(Stored records)
* * * *

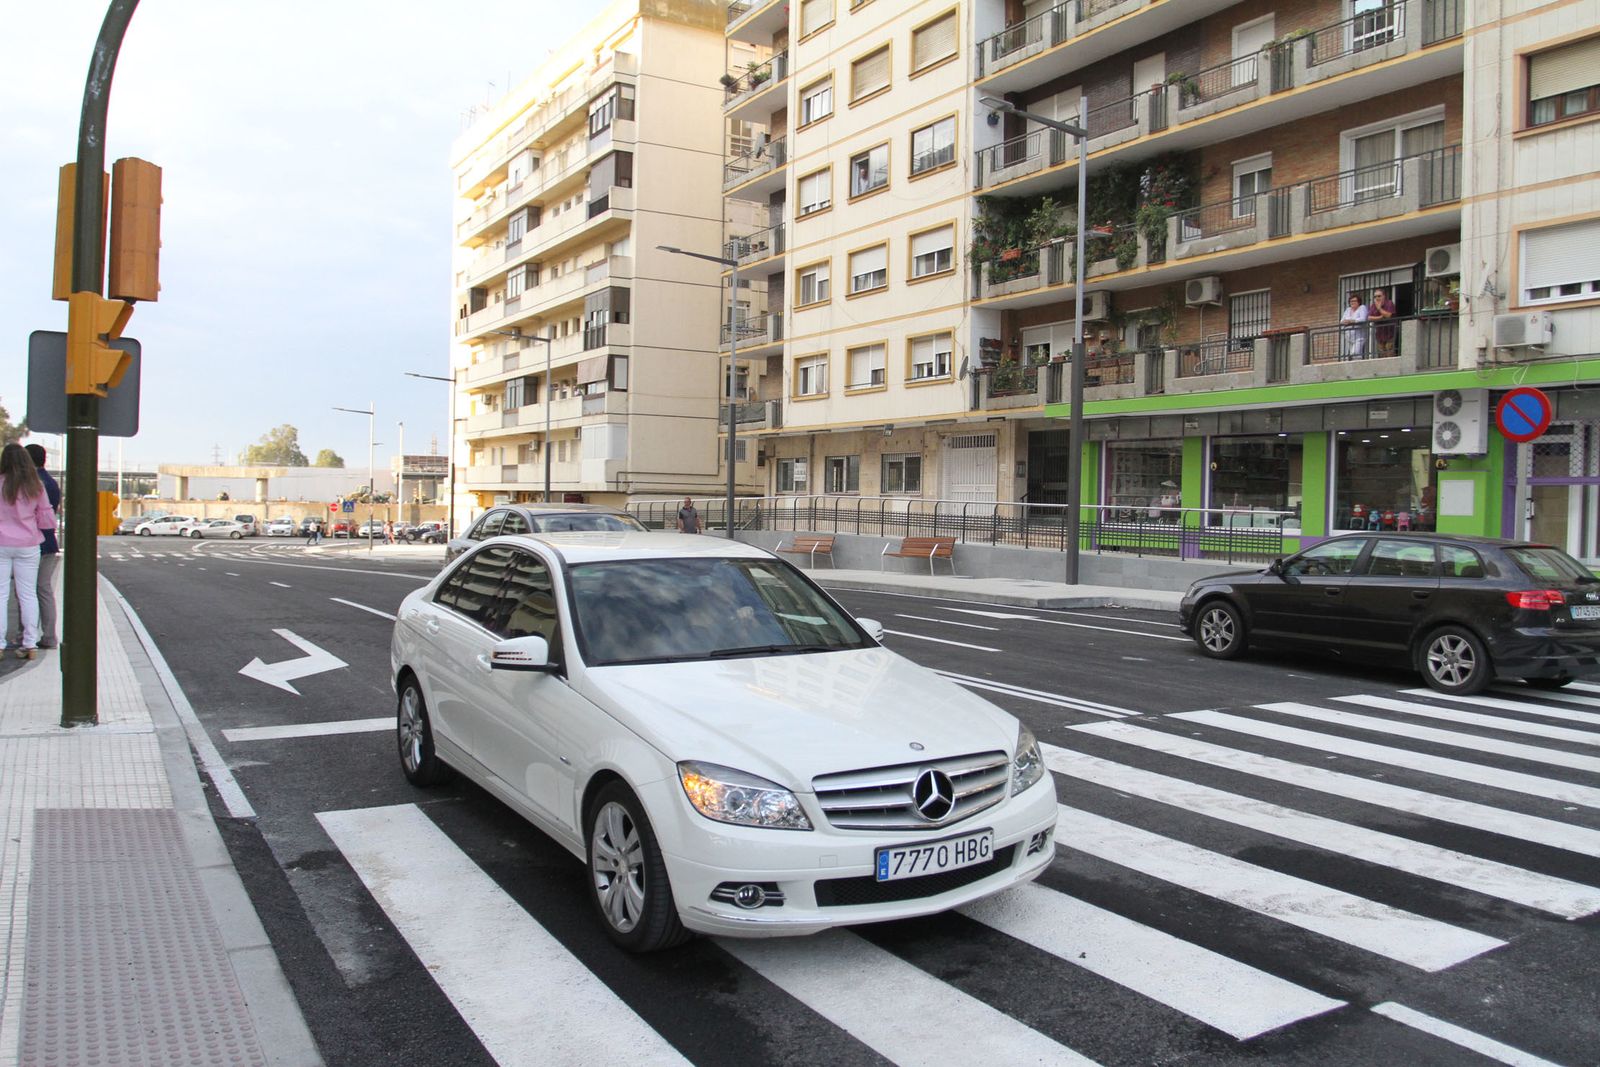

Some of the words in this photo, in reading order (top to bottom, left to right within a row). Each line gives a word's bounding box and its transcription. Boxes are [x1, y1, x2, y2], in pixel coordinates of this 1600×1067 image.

[893, 845, 949, 875] 7770
[955, 836, 989, 865] HBG
[880, 868, 887, 876] E
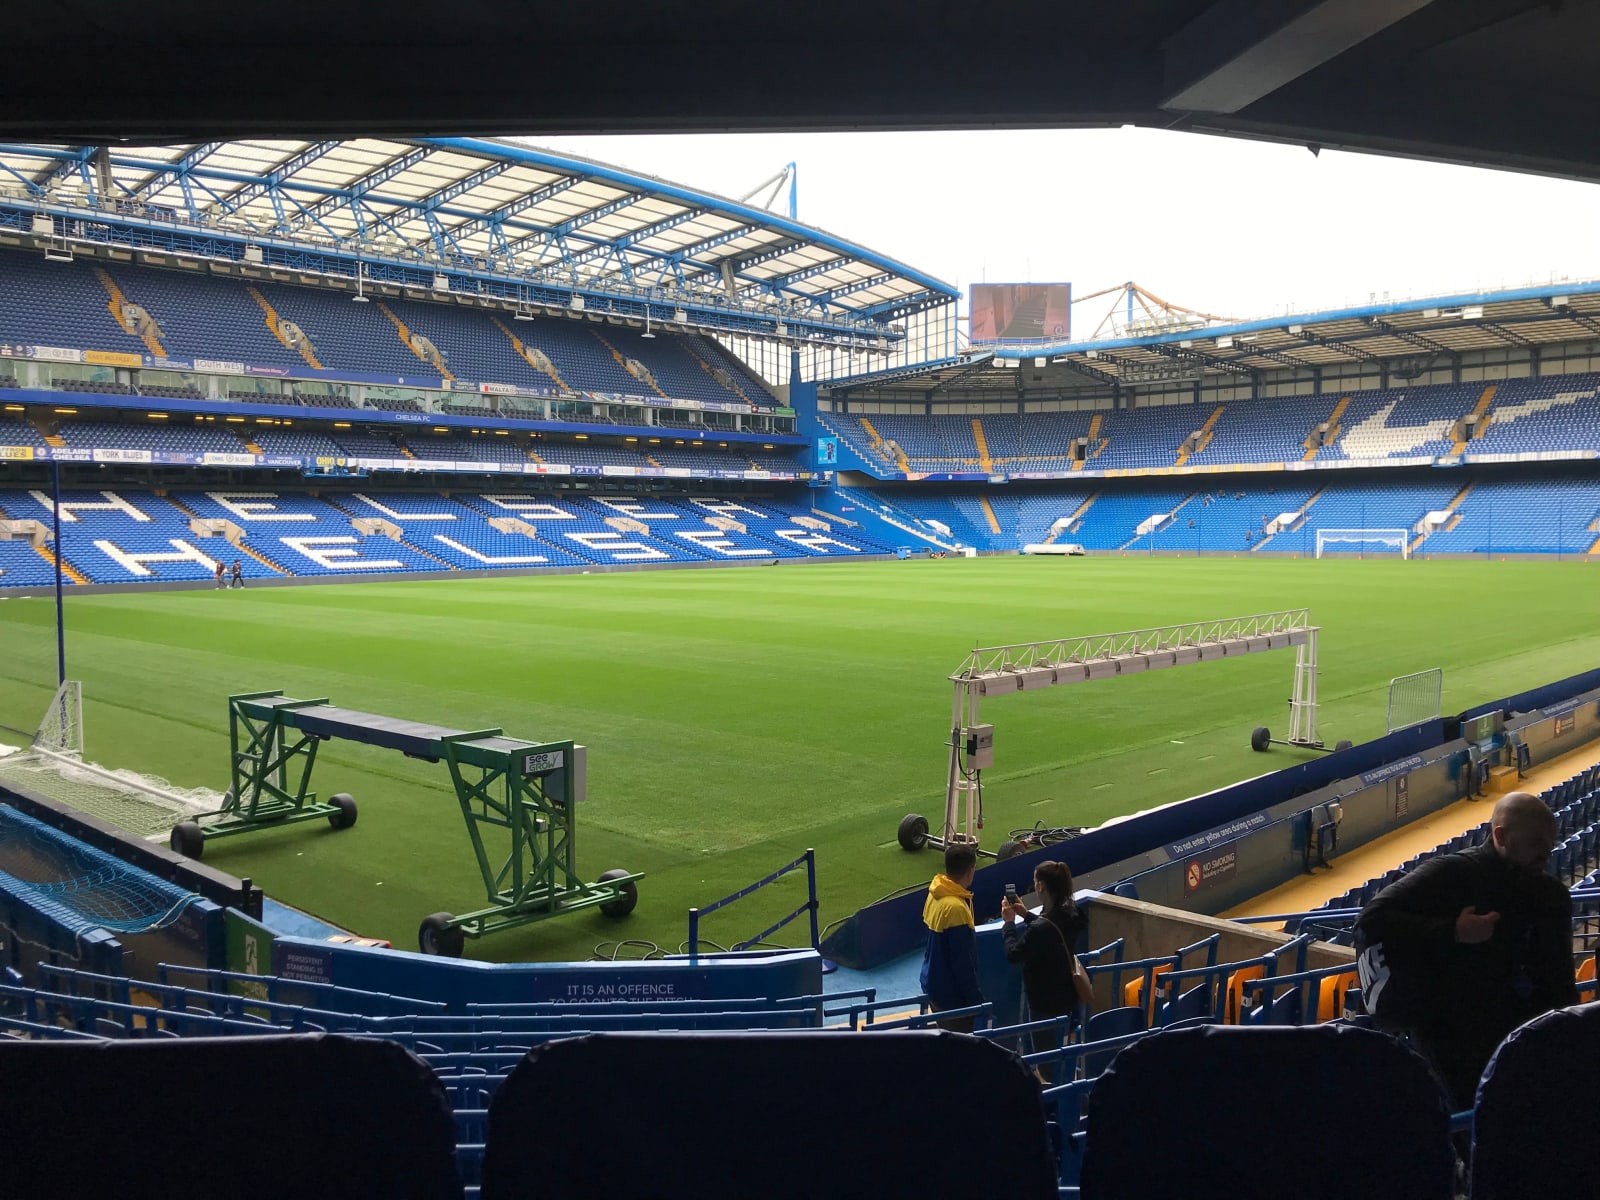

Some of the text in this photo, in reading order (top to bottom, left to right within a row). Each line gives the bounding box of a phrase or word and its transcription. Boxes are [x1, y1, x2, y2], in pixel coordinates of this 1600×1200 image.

[195, 360, 221, 369] SOUTH
[223, 362, 244, 371] WEST
[395, 414, 422, 422] CHELSEA
[101, 450, 144, 459] YORK BLUES
[316, 456, 334, 466] OHIO
[529, 760, 555, 772] GROW
[1173, 845, 1183, 854] Do
[1183, 840, 1193, 850] not
[1192, 837, 1205, 847] enter
[1205, 832, 1221, 844] yellow
[1231, 821, 1248, 832] during
[1251, 814, 1265, 825] match
[1202, 852, 1235, 872] NO SMOKING
[286, 963, 316, 974] STANDING
[281, 971, 330, 984] NOT PERMITTED
[567, 983, 675, 996] IT IS AN OFFENCE
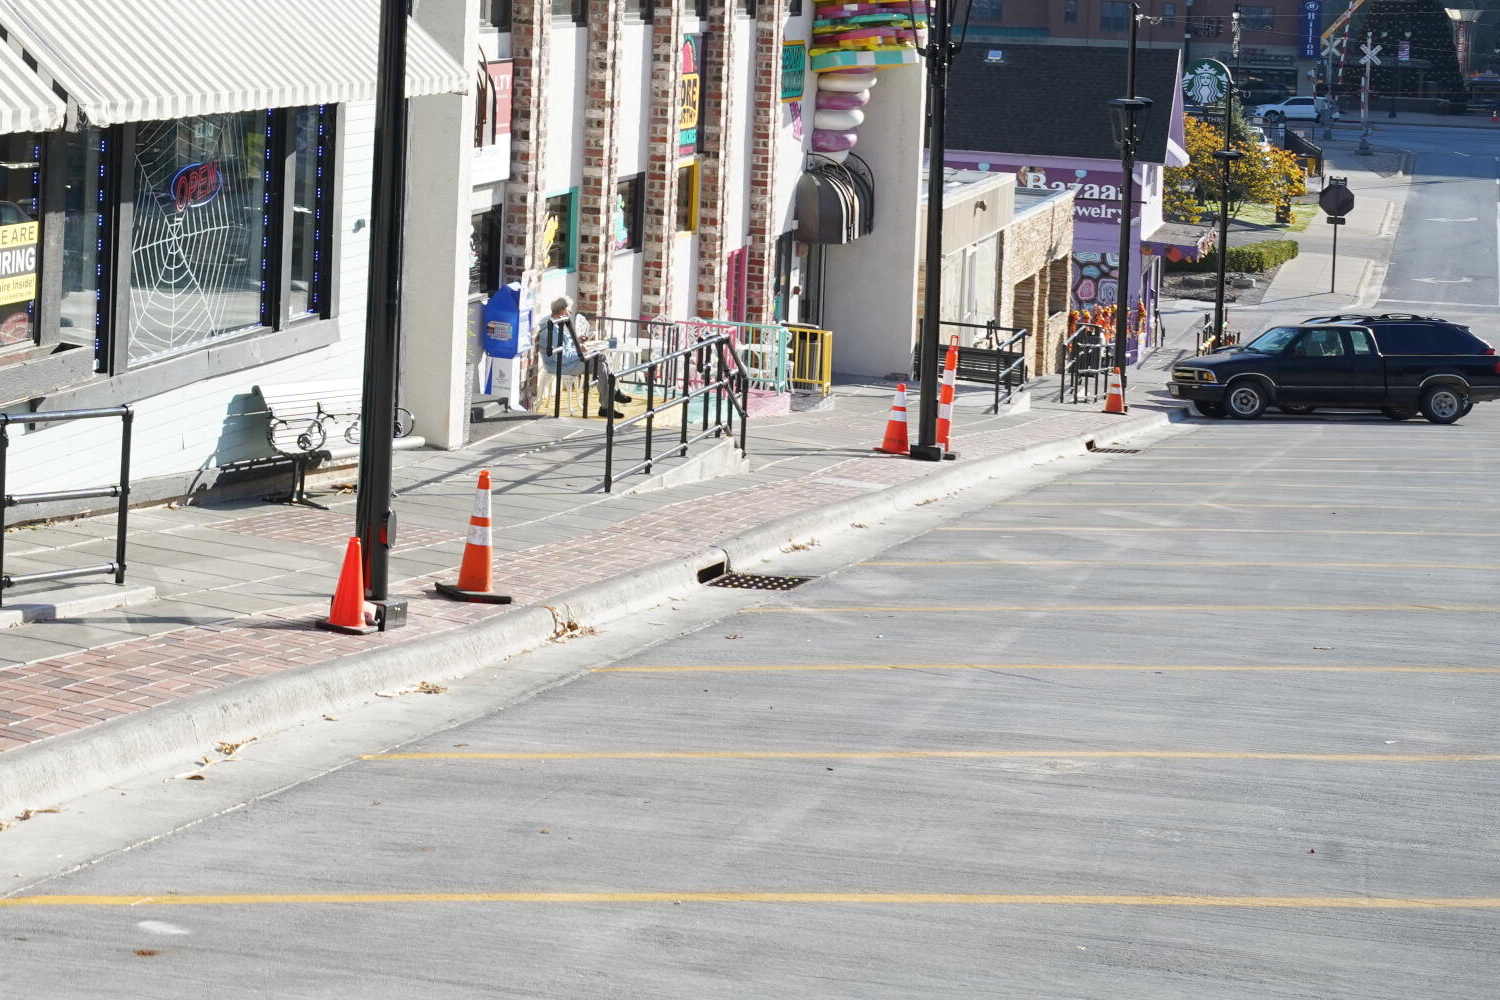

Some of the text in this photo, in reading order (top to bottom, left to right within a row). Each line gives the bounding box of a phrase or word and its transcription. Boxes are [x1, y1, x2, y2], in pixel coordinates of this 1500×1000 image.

[1306, 12, 1315, 56] Hilton
[176, 161, 217, 212] OPEN
[11, 226, 35, 241] ARE
[12, 277, 35, 290] Inside!
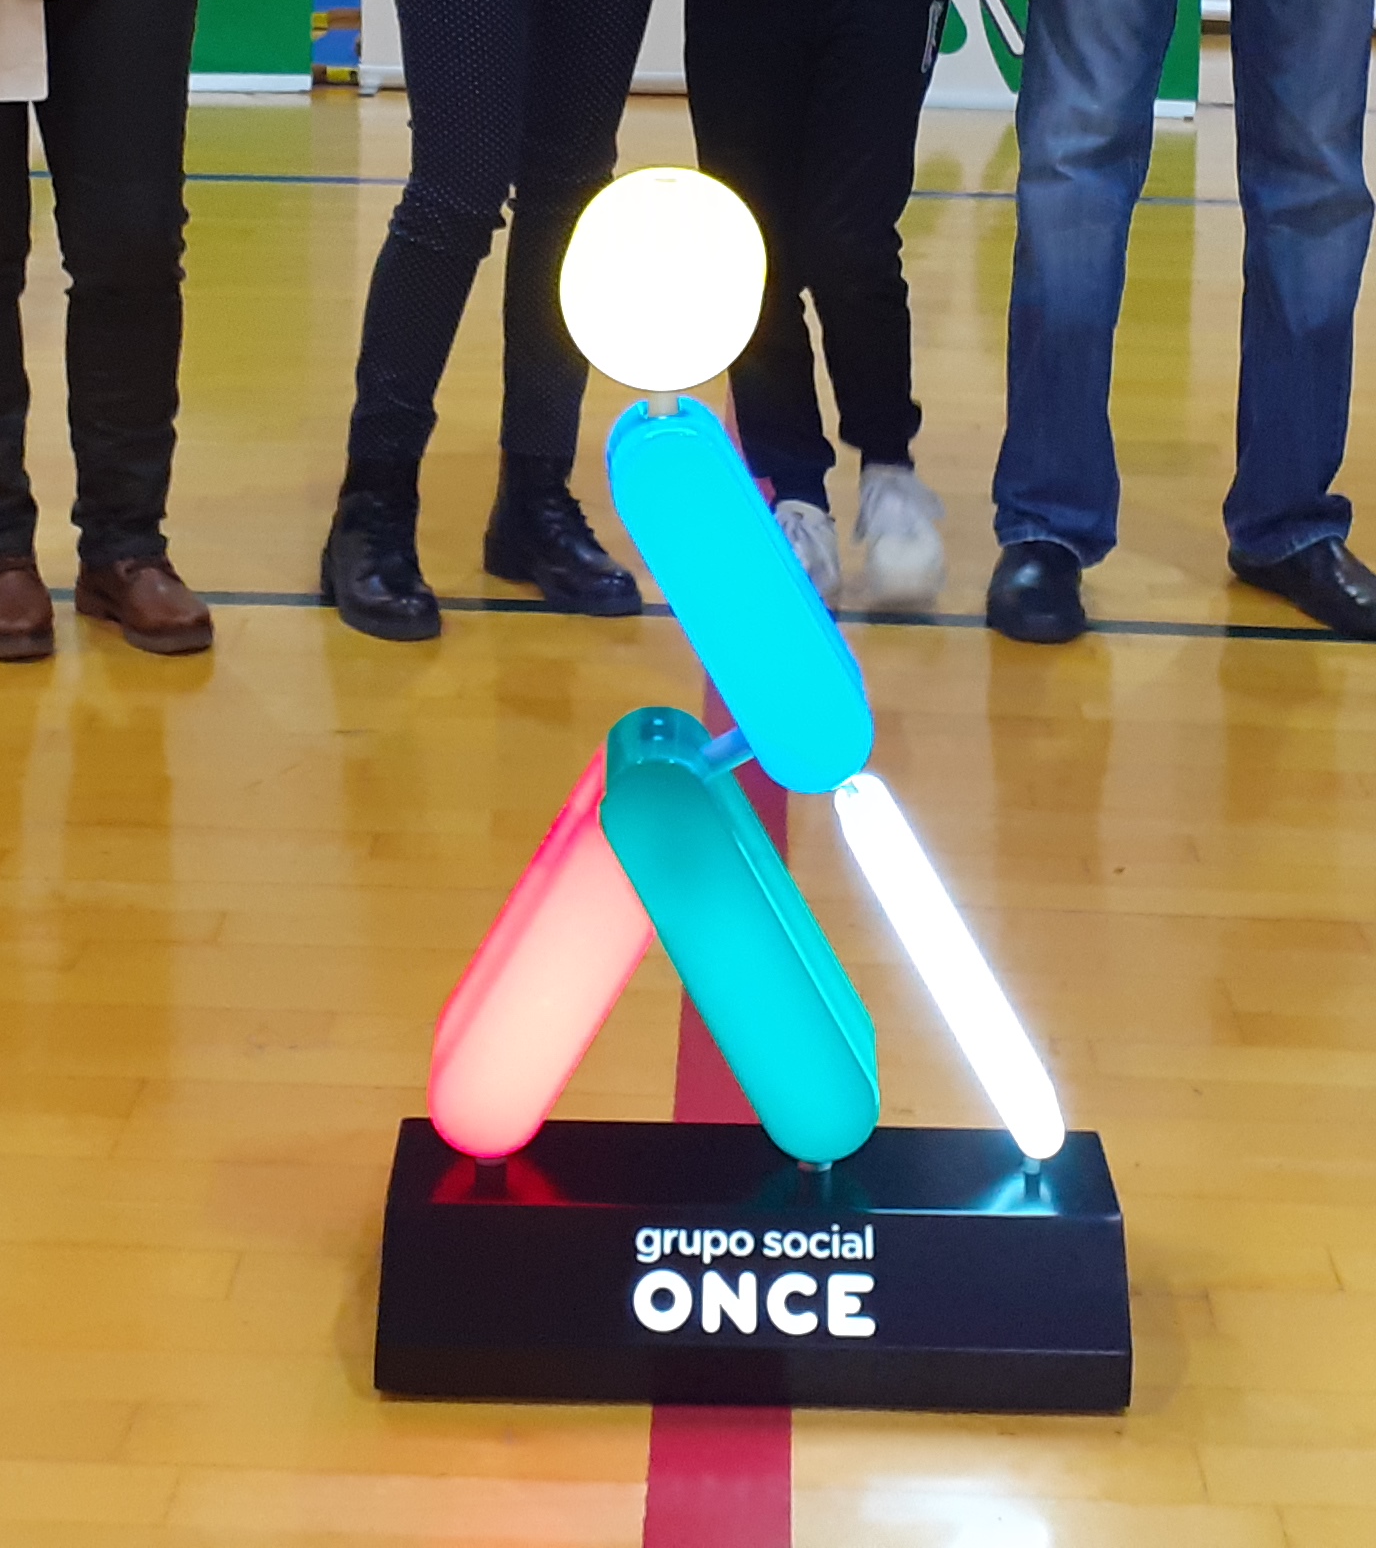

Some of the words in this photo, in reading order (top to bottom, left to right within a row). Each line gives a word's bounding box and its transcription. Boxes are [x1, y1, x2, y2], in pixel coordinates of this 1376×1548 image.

* * * *

▶ [WHAT IS NEEDED] Each entry, word for word, belongs in your answer; each picture does not.

▶ [RESULT FOR THIS TASK]
Some of the words in this photo, in reading order (top to bottom, left to right within a row). Each line gives a word's bounding box and its transcription. Boxes are [x1, y1, x2, y2], in pixel coordinates of this 1600×1067 image.

[893, 845, 949, 875] 7770
[955, 836, 989, 865] HBG
[880, 868, 887, 876] E

Some of the text in this photo, in reading order (top to bottom, left to right within a row). Each line gives the bounding box of a phrase or word and its transcription. Boxes are [x1, y1, x2, y2], in pixel coordinates of this 1600×1200 image.

[195, 360, 221, 369] SOUTH
[223, 362, 244, 371] WEST
[395, 414, 422, 422] CHELSEA
[101, 450, 144, 459] YORK BLUES
[316, 456, 334, 466] OHIO
[529, 760, 555, 772] GROW
[1173, 845, 1183, 854] Do
[1183, 840, 1193, 850] not
[1192, 837, 1205, 847] enter
[1205, 832, 1221, 844] yellow
[1231, 821, 1248, 832] during
[1251, 814, 1265, 825] match
[1202, 852, 1235, 872] NO SMOKING
[286, 963, 316, 974] STANDING
[281, 971, 330, 984] NOT PERMITTED
[567, 983, 675, 996] IT IS AN OFFENCE

Some of the text in this photo, in reading order (top to bottom, left to right within a row). Each line gives the bounding box of a phrase or word and its transcription. Boxes are [x1, y1, x2, y2], in pixel coordinates of this 1500×1000 image.

[1306, 12, 1315, 56] Hilton
[176, 161, 217, 212] OPEN
[11, 226, 35, 241] ARE
[12, 277, 35, 290] Inside!

Some of the words in this photo, in reading order (top to bottom, left to right within a row). Each line gives a word's bounding box and its transcription. Boxes are [x1, y1, x2, y2], in pixel coordinates of this 1376×1548 image.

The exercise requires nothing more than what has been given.